All of this might be true, and yet …

One of the side effects of recognizing the importance of happiness has been the rise of a sort of happiness-industrial complex, complete with coaches, apps, sleepaway camp, loungewear and luxury body wash. It would be a shame for fun — a thing that anyone can have, even in small spurts, one that shouldn’t require money or status or privilege — to suffer the same fate.

But I’m not even sure that it could.

In his book “Fun!: What Entertainment Tells Us About Living a Good Life,” Alan McKee, an Australian media studies professor, defines fun thus: “Fun is pleasure without purpose.” In other words, the same qualities that seem to make it so hard for me to have pure fun — I need purpose! — make it hard to optimize for; put it under a brain scanner, and it has a tendency to disappear.

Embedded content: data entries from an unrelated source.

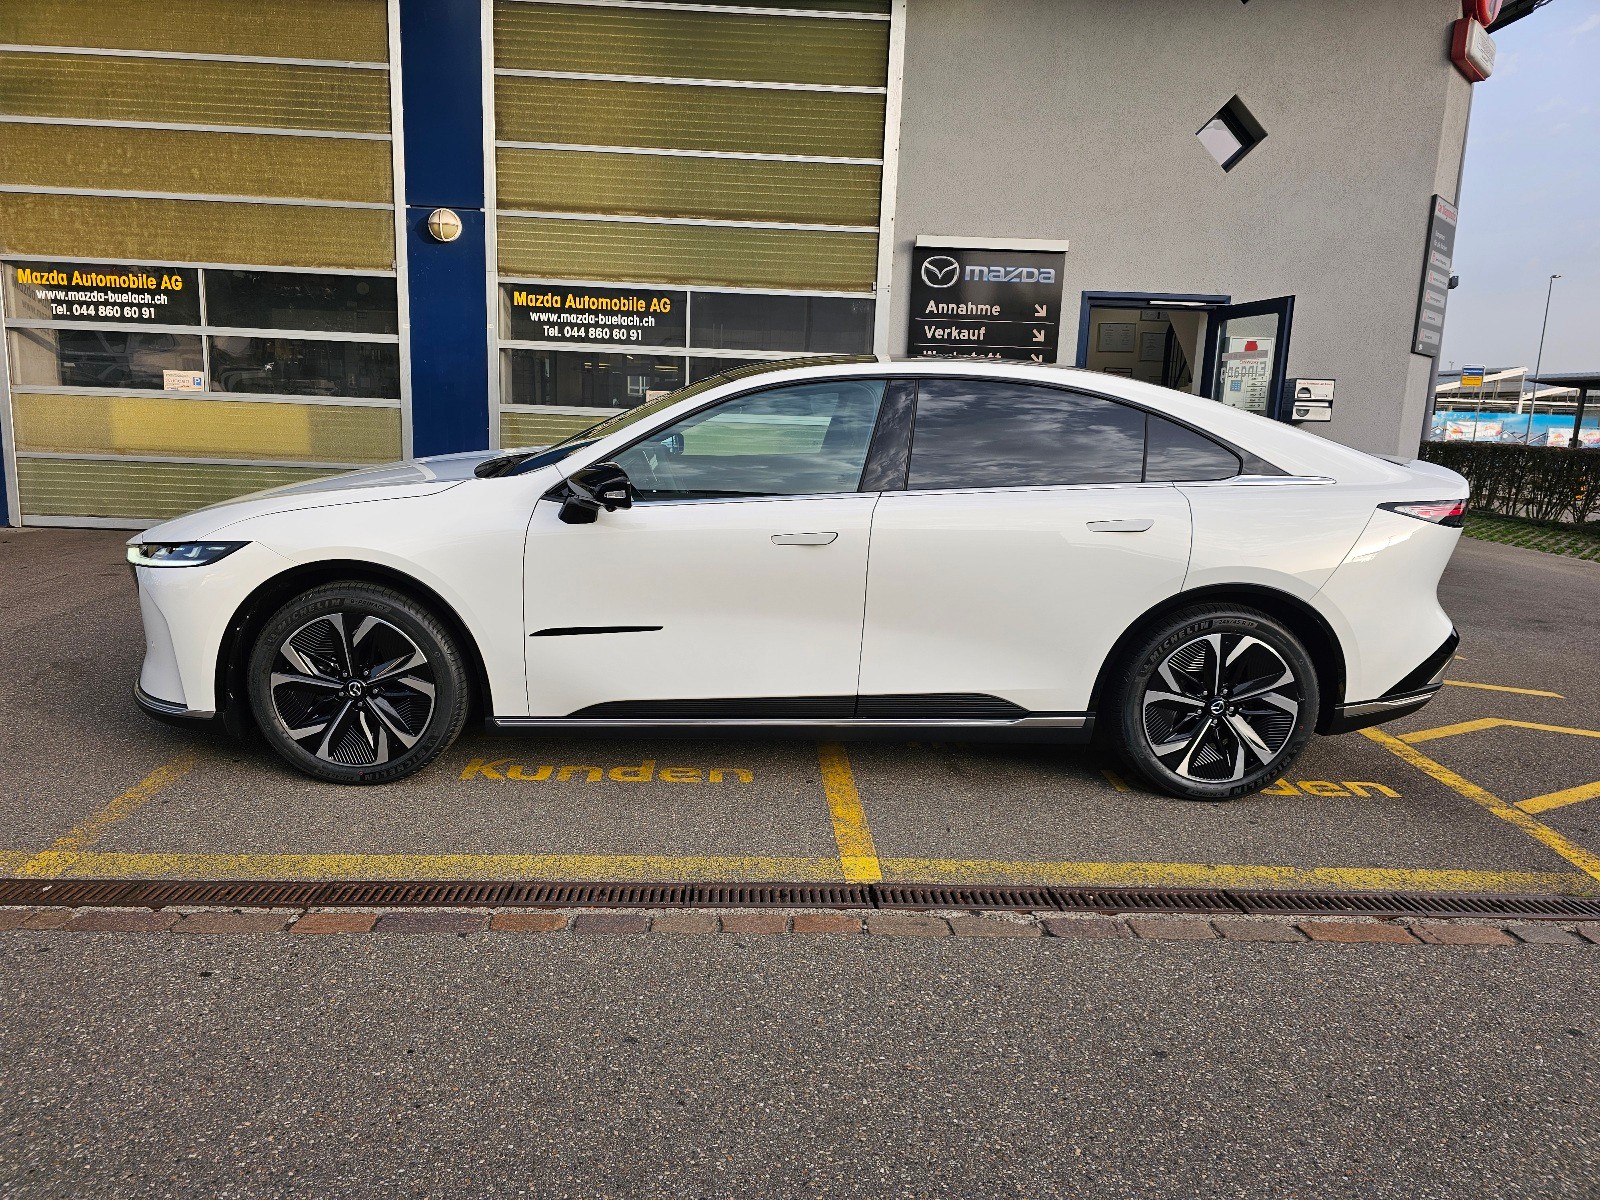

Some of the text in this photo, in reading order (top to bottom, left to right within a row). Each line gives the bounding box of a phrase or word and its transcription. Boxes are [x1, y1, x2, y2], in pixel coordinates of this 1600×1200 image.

[17, 268, 183, 290] Mazda Automobile AG
[36, 289, 168, 305] www.mazda-buelach.ch
[513, 291, 671, 313] Mazda Automobile AG
[51, 303, 155, 319] Tel. 044 860 60 91
[925, 300, 1000, 316] Annahme
[529, 311, 655, 327] www.mazda-buelach.ch
[543, 325, 642, 341] Tel. 044 860 60 91
[924, 325, 986, 341] Verkauf
[1149, 620, 1210, 663] MICHELIN
[458, 758, 753, 783] Kunden
[1259, 777, 1403, 798] den
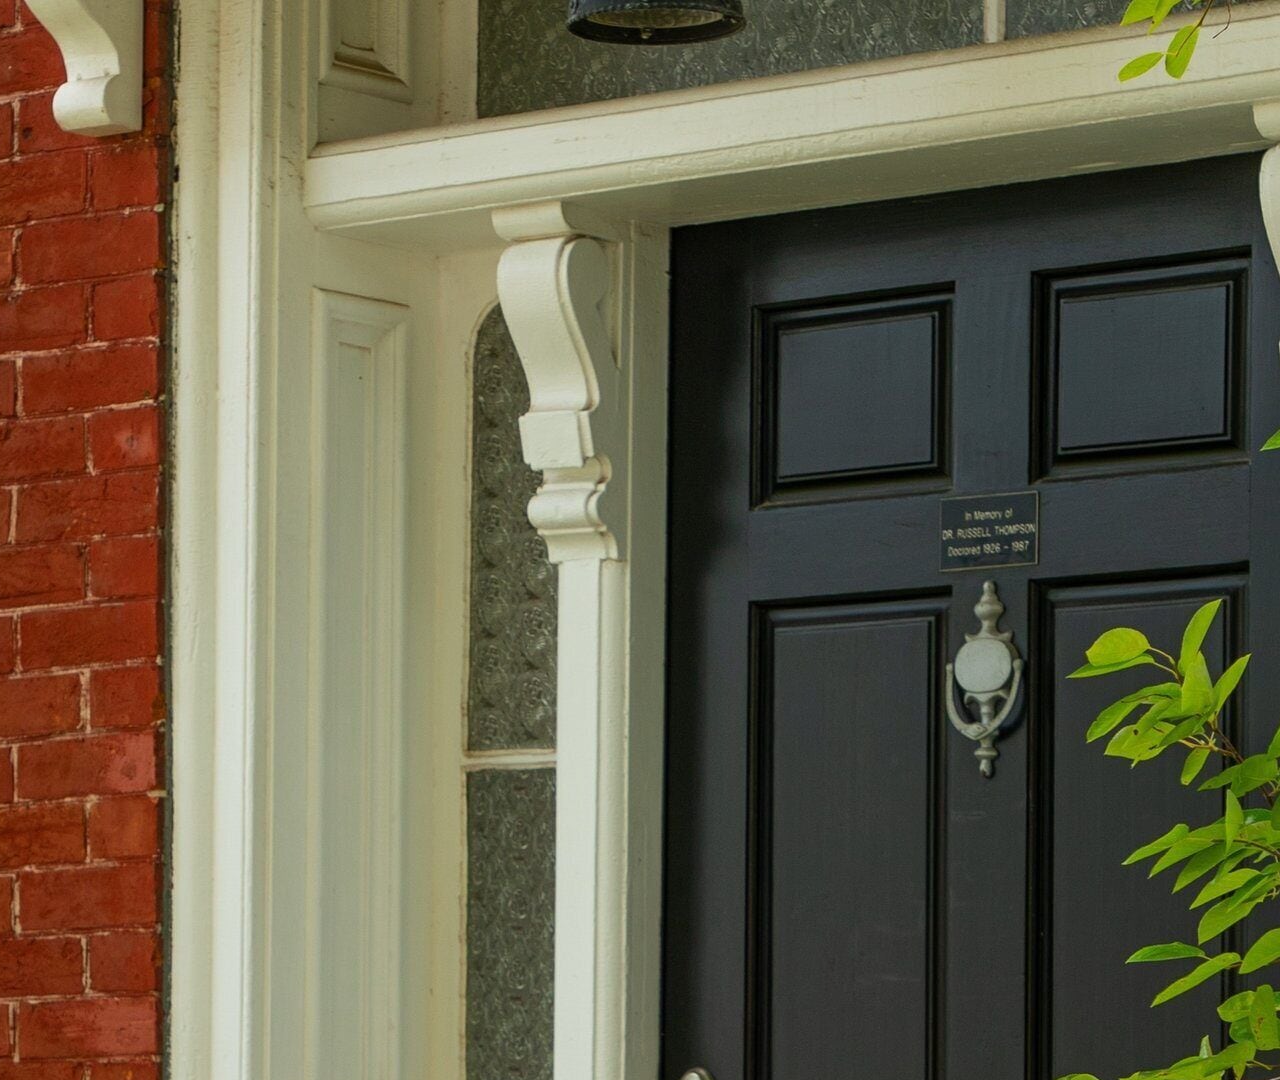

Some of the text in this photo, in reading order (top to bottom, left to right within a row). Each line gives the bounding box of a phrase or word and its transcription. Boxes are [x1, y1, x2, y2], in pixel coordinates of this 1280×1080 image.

[973, 510, 1002, 521] Memory
[1004, 508, 1013, 519] of
[957, 526, 992, 540] RUSSELL
[994, 523, 1035, 536] THOMPSON

My experiment, in other words, was fundamentally flawed. Fun is supposed to get you out of your head. I was trying to think my way into fun.

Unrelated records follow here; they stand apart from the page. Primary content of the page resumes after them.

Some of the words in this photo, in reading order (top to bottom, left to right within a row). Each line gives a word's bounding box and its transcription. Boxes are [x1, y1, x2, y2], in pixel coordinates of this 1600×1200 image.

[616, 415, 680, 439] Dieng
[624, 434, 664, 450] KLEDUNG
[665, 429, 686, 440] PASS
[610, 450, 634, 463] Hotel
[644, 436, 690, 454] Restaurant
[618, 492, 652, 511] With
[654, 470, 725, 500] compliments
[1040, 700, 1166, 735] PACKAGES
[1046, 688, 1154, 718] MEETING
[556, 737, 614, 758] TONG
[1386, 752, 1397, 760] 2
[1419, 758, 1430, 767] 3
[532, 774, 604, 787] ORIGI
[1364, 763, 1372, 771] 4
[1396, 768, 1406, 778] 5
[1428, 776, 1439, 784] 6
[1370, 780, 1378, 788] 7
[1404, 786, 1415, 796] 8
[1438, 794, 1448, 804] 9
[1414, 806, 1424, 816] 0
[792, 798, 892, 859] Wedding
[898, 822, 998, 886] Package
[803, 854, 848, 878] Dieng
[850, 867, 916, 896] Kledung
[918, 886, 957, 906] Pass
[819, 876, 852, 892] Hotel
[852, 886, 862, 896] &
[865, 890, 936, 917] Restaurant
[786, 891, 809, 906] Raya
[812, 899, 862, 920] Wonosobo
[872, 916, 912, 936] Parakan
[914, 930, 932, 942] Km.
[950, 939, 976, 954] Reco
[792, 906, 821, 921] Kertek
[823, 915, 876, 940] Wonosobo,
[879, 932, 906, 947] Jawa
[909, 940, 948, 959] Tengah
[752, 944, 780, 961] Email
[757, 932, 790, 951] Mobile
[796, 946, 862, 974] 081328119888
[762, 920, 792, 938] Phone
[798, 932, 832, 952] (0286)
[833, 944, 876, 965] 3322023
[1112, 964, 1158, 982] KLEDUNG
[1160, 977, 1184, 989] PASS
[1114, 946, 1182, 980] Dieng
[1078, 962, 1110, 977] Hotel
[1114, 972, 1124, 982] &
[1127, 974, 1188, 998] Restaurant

In researching this story, I spent weeks cataloging different ways that people in my city had fun — barbecuing, block partying, riding motorbikes, playing dominoes in the park, dancing, hula hooping, stargazing, picnicking in the nude. All of these people were just out living their lives and having fun while I sat at home reading essays and self-help books, dissecting how to have it.

One group of guys, who call themselves the Citi Bike Boyz, takes Citi Bikes (bikes you can rent throughout New York City) to remote corners of the city to do tricks. These bikes are clunky, 45-pound tanks. The Boyz jump them off cars and over people; they hop railings and fences in public parks; they glide down staircases of government buildings. It’s fun with a tinge of danger and the possibility of a traffic ticket, which makes it extra fun.

On a 95-degree Saturday, a photographer and I schlepped to one of their spots, a skate park under the Brooklyn-Queens Expressway and the Kosciuszko Bridge. As I watched, Jerome, Mel and Nino taught me about the bunny hop (a jump, basically), the Superman (laying your body across the bike as if you were flying) and the 12 o’clock, which is a wheelie, until you smash your front wheel. (Oops.)

“To me, being on a bike is a crazy feeling of complete fun,” said Jerome Peel, 32, as he adjusted his bike seat, preparing to scale a ramp and soar over Nino’s head. I asked if he could describe why it was so fun, and he gave me a funny look. Don’t you just know fun when you feel it?